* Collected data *
::::::::::
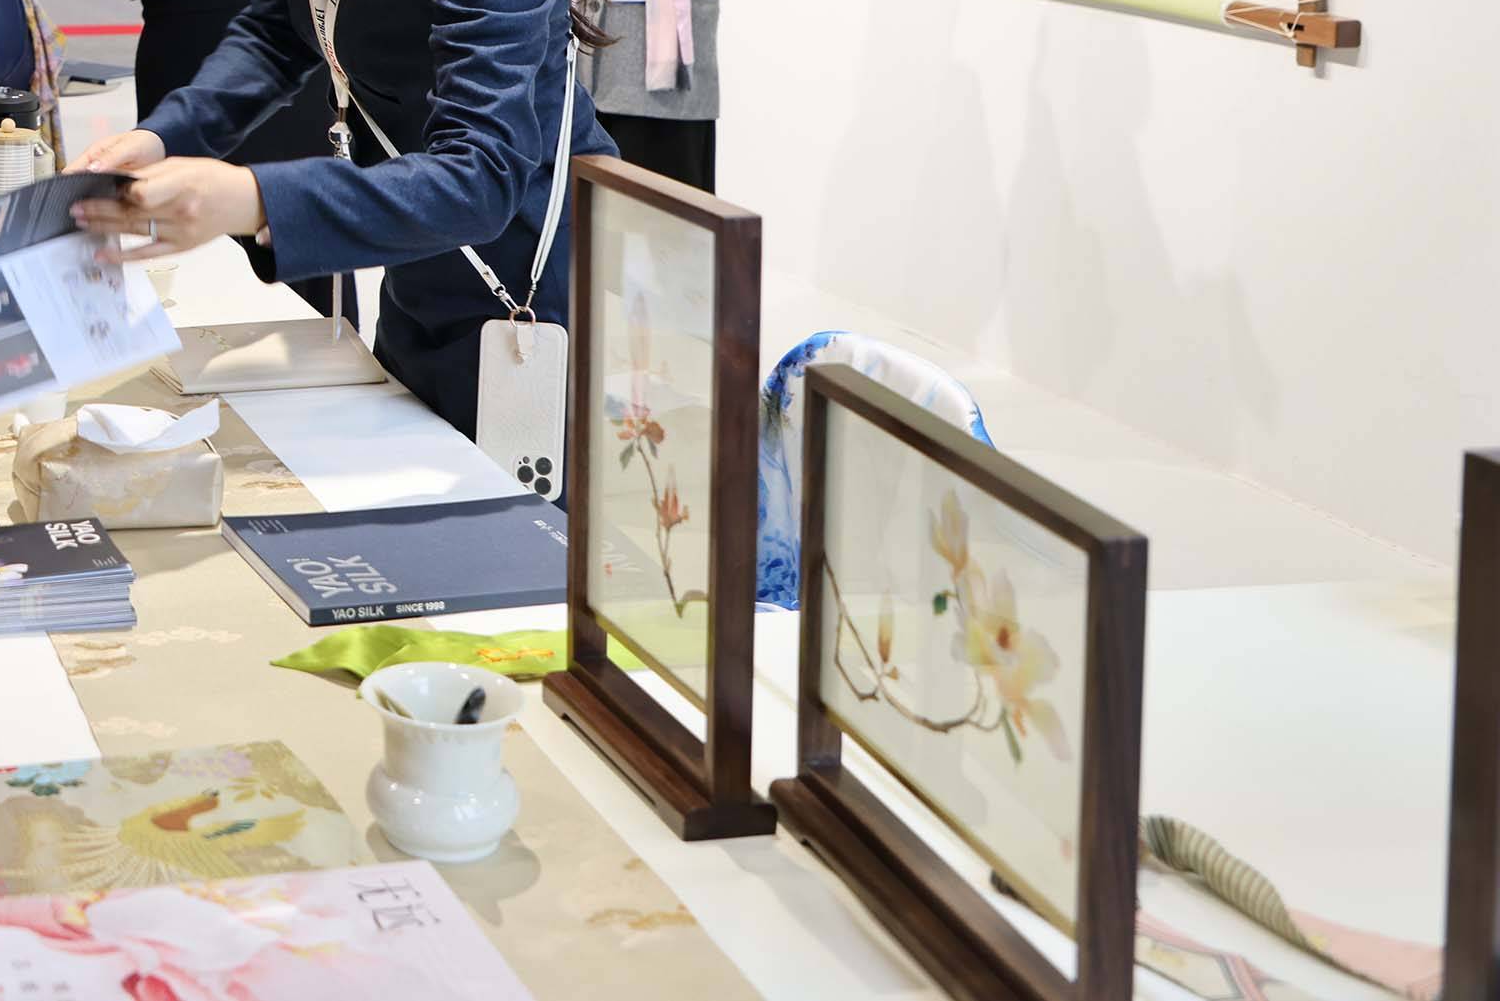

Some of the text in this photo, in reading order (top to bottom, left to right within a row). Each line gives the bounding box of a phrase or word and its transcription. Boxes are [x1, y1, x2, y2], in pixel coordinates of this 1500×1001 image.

[44, 522, 79, 551] SILK
[70, 519, 101, 545] YAO
[327, 554, 398, 595] SILK
[332, 607, 356, 620] YAO
[357, 605, 385, 618] SILK
[396, 602, 424, 613] SINCE
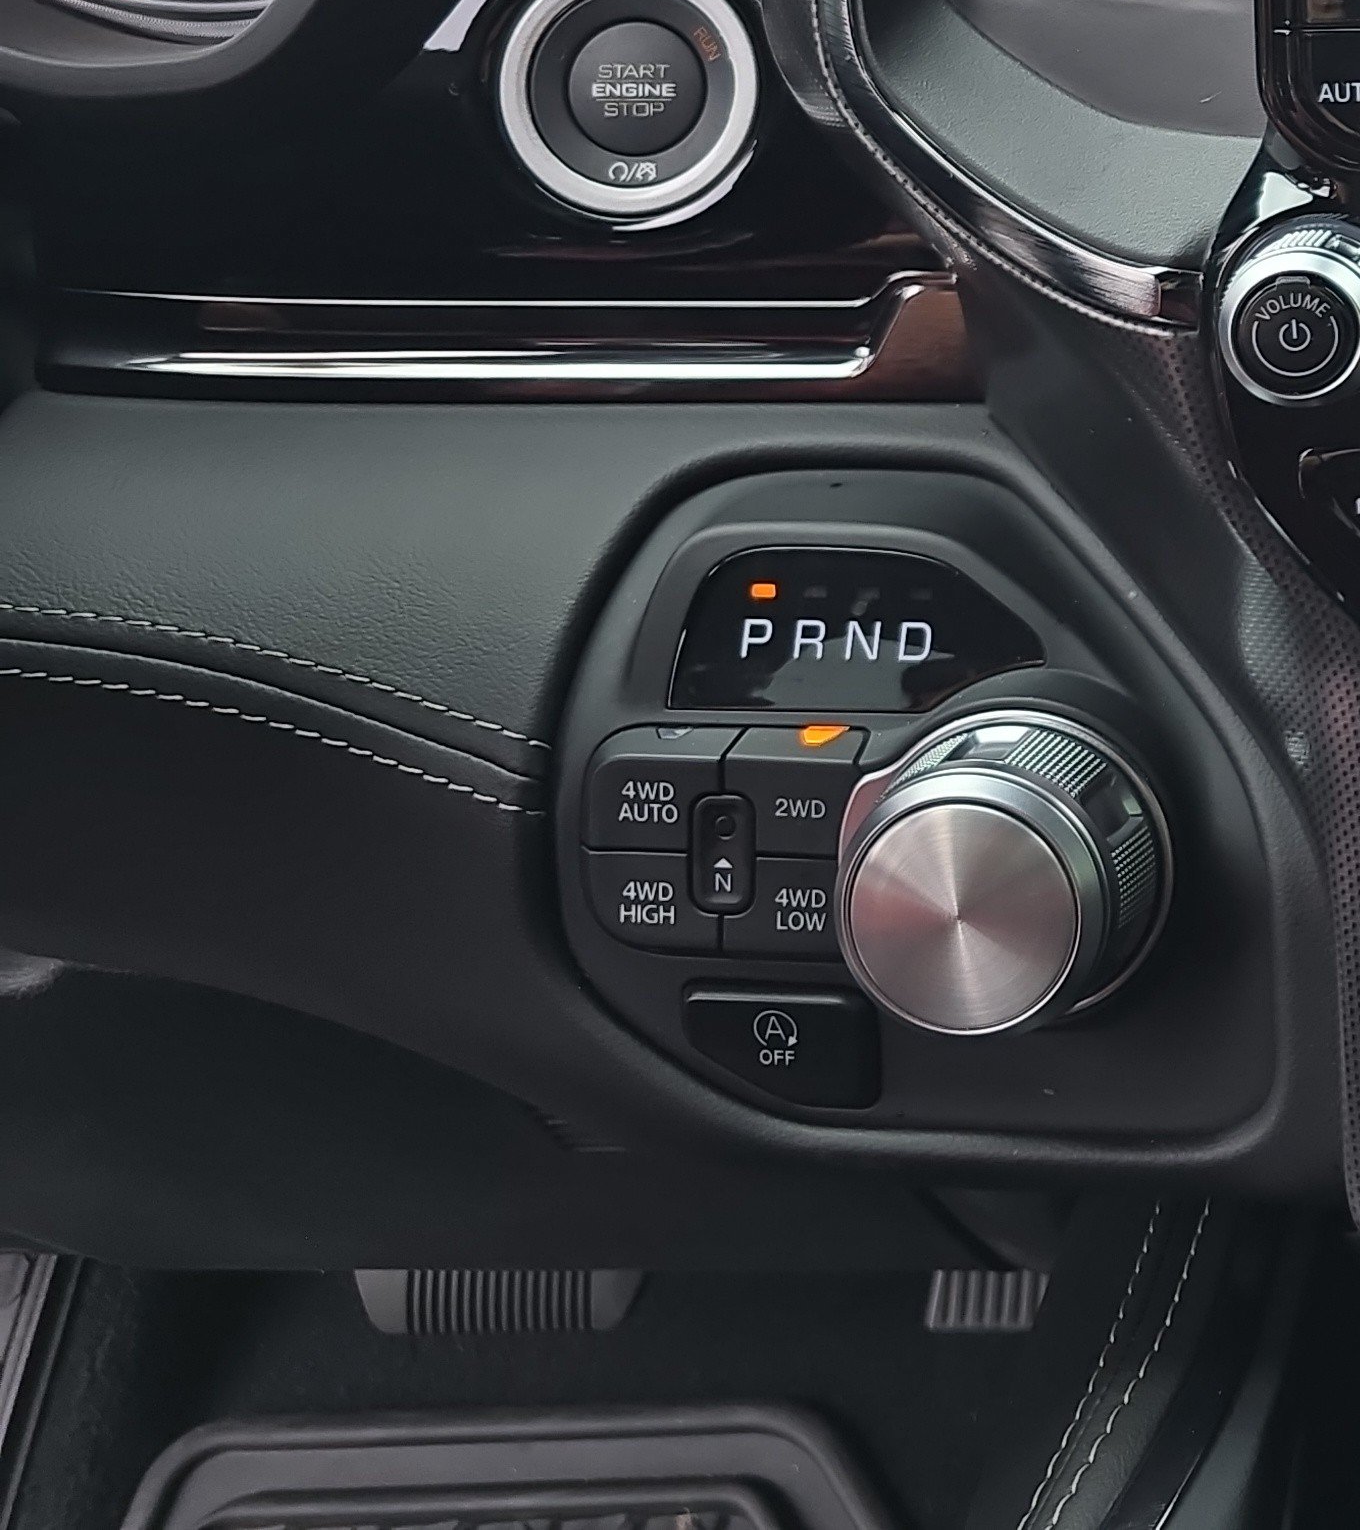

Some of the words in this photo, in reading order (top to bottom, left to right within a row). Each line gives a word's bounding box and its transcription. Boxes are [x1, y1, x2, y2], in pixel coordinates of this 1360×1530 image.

[598, 64, 670, 79] START
[592, 82, 676, 97] ENGINE
[604, 103, 664, 117] STOP
[1255, 292, 1331, 320] VOLUME
[740, 619, 773, 659] P
[792, 619, 827, 659] R
[844, 620, 882, 661] N
[898, 621, 932, 661] D
[621, 781, 674, 801] 4WD
[619, 803, 678, 824] AUTO
[775, 799, 826, 819] 2WD
[623, 882, 674, 902] 4WD
[715, 873, 732, 892] N
[775, 888, 826, 909] 4WD
[620, 904, 675, 924] HIGH
[776, 911, 826, 932] LOW
[759, 1048, 795, 1066] OFF
::::::::::
* Task details *
Each record should be printed exactly as it appears, leaving the pictures out.

* Response to this task *
Some of the text in this photo, in reading order (top to bottom, left to right within a row). Each line gives the bounding box of a phrase or word and its transcription. Boxes are [x1, y1, x2, y2], in pixel coordinates of this 1500×1001 image.

[44, 522, 79, 551] SILK
[70, 519, 101, 545] YAO
[327, 554, 398, 595] SILK
[332, 607, 356, 620] YAO
[357, 605, 385, 618] SILK
[396, 602, 424, 613] SINCE

Some of the words in this photo, in reading order (top to bottom, left to right within a row). Each line gives a word's bounding box and its transcription. Boxes are [x1, y1, x2, y2], in pixel coordinates of this 1360×1530 image.

[598, 64, 670, 79] START
[592, 82, 676, 97] ENGINE
[604, 103, 664, 117] STOP
[1255, 292, 1331, 320] VOLUME
[740, 619, 773, 659] P
[792, 619, 827, 659] R
[844, 620, 882, 661] N
[898, 621, 932, 661] D
[621, 781, 674, 801] 4WD
[619, 803, 678, 824] AUTO
[775, 799, 826, 819] 2WD
[623, 882, 674, 902] 4WD
[715, 873, 732, 892] N
[775, 888, 826, 909] 4WD
[620, 904, 675, 924] HIGH
[776, 911, 826, 932] LOW
[759, 1048, 795, 1066] OFF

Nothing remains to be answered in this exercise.